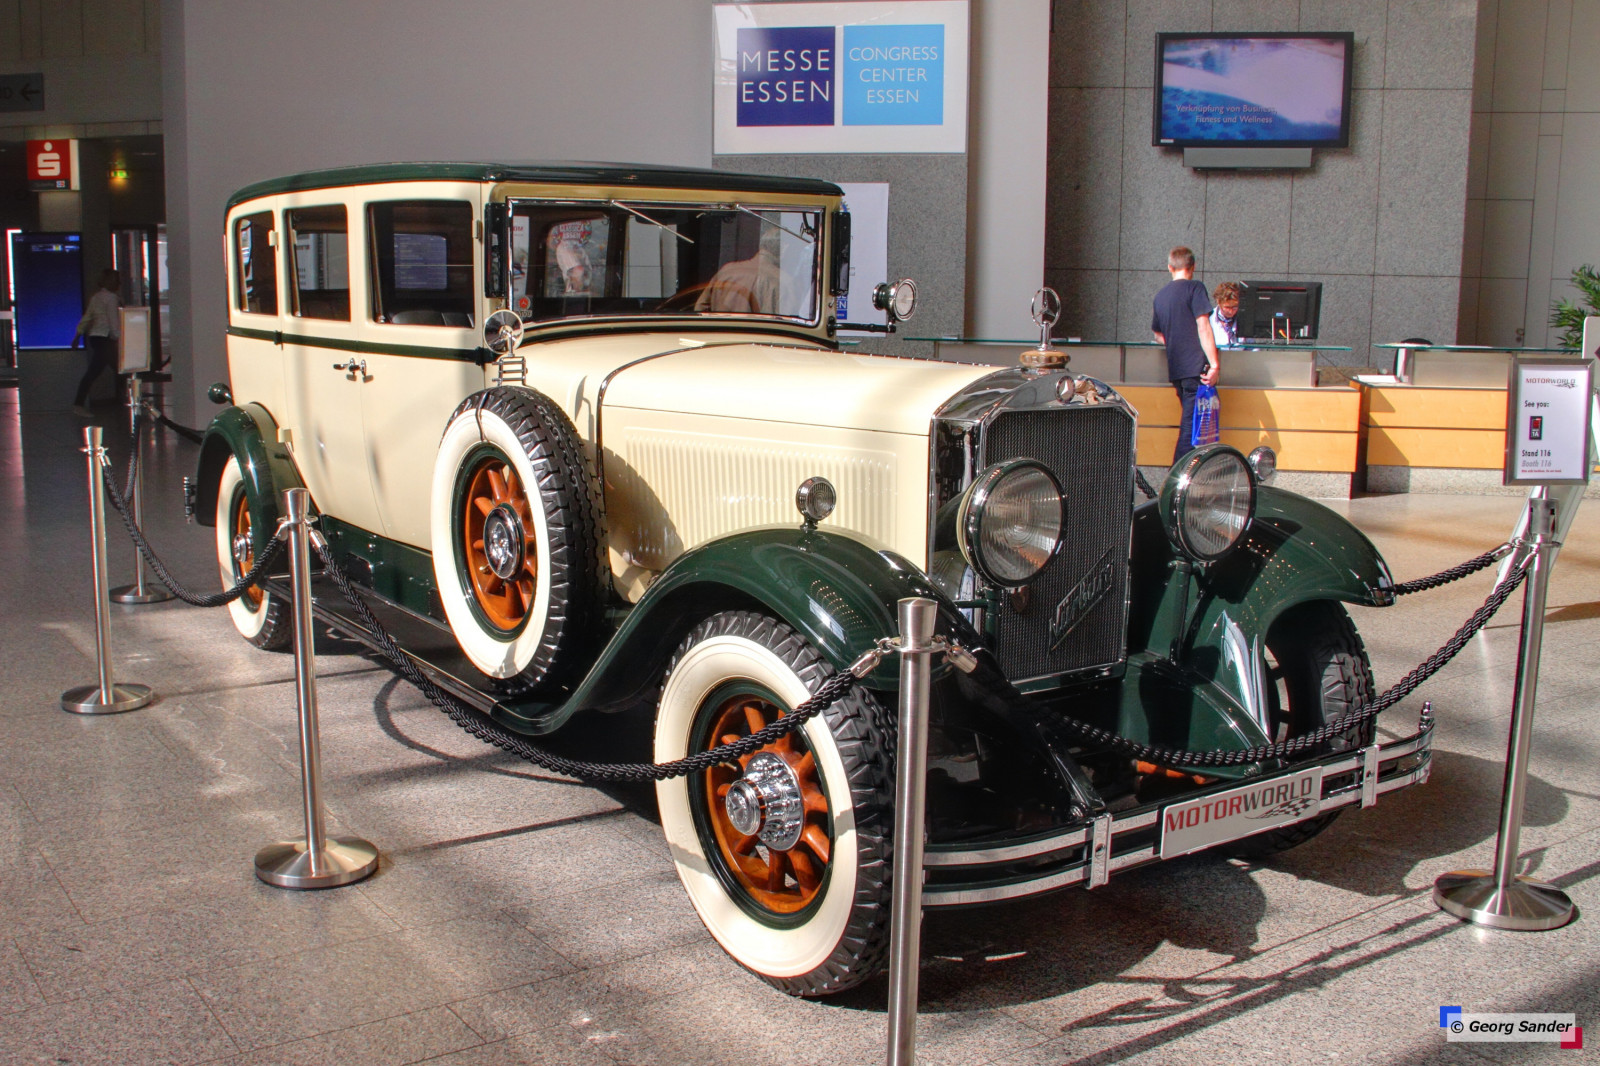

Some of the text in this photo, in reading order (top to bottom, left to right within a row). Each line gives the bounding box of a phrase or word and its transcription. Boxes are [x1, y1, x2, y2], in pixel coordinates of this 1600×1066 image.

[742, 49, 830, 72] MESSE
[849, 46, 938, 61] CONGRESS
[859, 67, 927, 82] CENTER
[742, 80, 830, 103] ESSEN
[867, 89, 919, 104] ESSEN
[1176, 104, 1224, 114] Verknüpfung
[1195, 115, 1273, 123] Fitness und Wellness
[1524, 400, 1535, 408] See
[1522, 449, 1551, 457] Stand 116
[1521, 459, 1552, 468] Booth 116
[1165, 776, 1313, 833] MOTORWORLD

- THE PROBLEM: Please restate the entries word for word. Skip the pictures.

- REPLY TO THE TASK:
Some of the text in this photo, in reading order (top to bottom, left to right within a row). Each line gives the bounding box of a phrase or word and its transcription. Boxes are [x1, y1, x2, y2], in pixel coordinates of this 1600×1066 image.

[742, 49, 830, 72] MESSE
[849, 46, 938, 61] CONGRESS
[859, 67, 927, 82] CENTER
[742, 80, 830, 103] ESSEN
[867, 89, 919, 104] ESSEN
[1176, 104, 1224, 114] Verknüpfung
[1195, 115, 1273, 123] Fitness und Wellness
[1524, 400, 1535, 408] See
[1522, 449, 1551, 457] Stand 116
[1521, 459, 1552, 468] Booth 116
[1165, 776, 1313, 833] MOTORWORLD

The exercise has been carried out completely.